Scientists have announced that some tiny zircon crystals, small enough that you need a magnifying glass, are 4.4 billion years old.

The crystals were found on a western Australian sheep farm, the Los Angeles Times reports. The location, which is known to be a fairly stable part of the Earth, helped keep the zircon crystals around.

Professor John Valley, of geoscience at the University of Wisconsin-Madison and who also discovered the crystal, said, "The Earth's tectonic processes are constantly destroying rocks." He added, "This may be one place where the oldest material has been preserved."

The scientists involved in dating the rock have published their study in the upcoming issue of Nature Geoscience. Valley and his team dated the crystals twice just to be sure they had the date right.

One process used to date the 4.4 billion-year-old crystal is called the uranium lead system and checks to see how many of the uranium atoms inside of the crystal have decayed into lead. They also used another dating method called atom-probe tomography to please some of their critics who felt the findings from their other method were possibly flawed.

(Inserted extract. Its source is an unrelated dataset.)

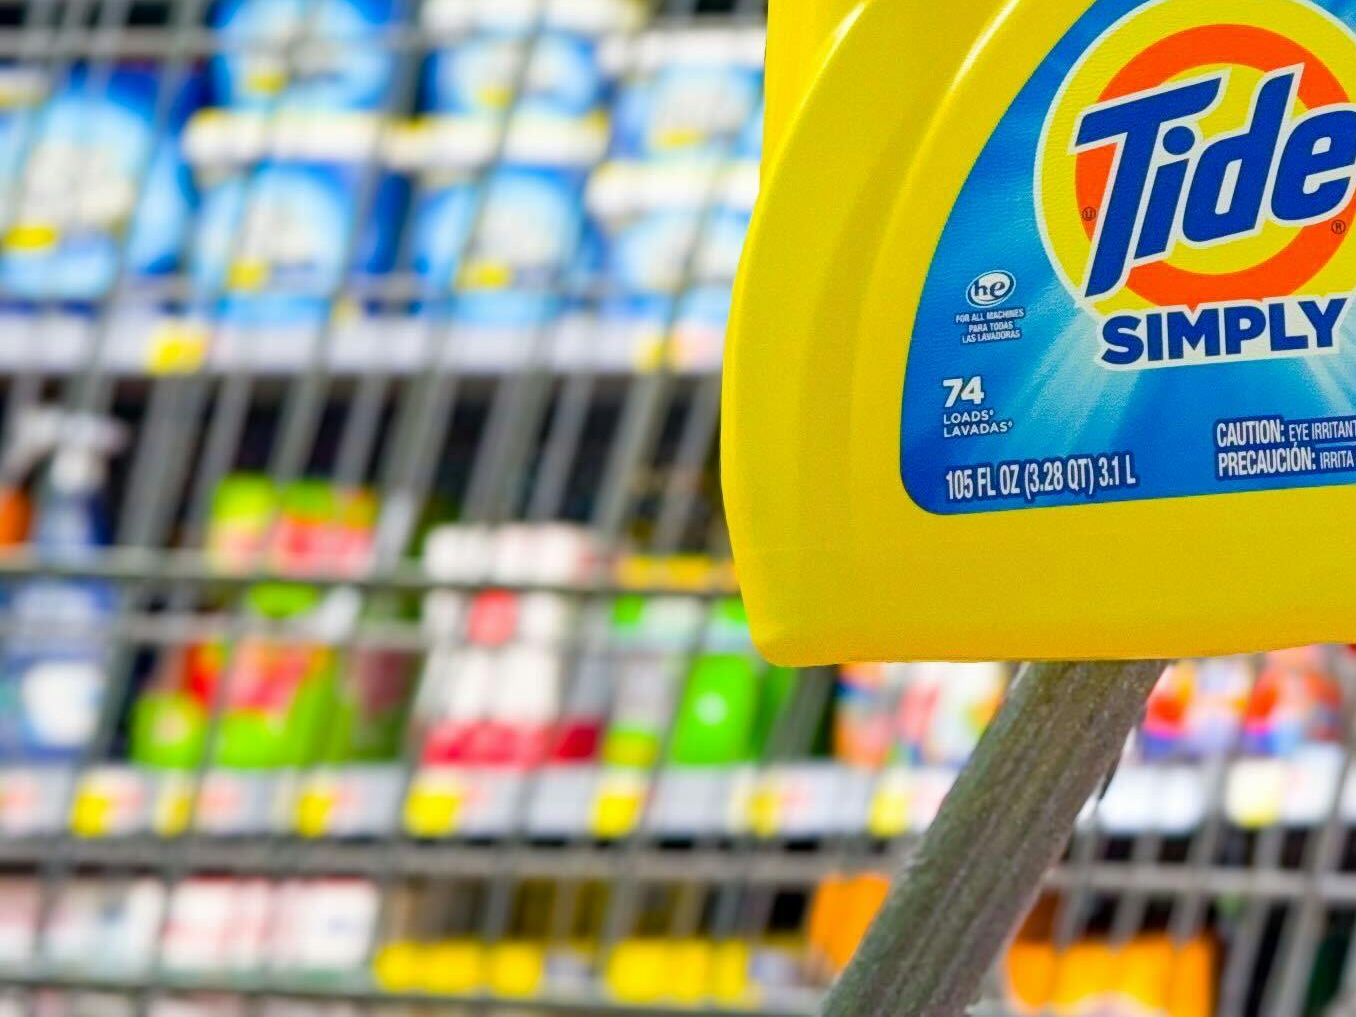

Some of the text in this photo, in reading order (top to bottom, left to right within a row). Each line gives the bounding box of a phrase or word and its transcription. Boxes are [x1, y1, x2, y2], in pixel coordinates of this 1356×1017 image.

According to NPR, geologist Sam Bowring, of the Massachusetts Institute of Technology, said, "I think people will be impressed with the technique and impressed with the conclusions [of the study] and agree with them."

The zircon crystals Valley discovered are the oldest ever discovered and come from a time when the Earth was still forming and had yet to support life. The crystals formed shortly after something hit the Earth and created the moon. The planet "would have glowed almost like a star. Nothing could exist on the surface. There would be no continental land masses. There'd be no liquid water," Valley said.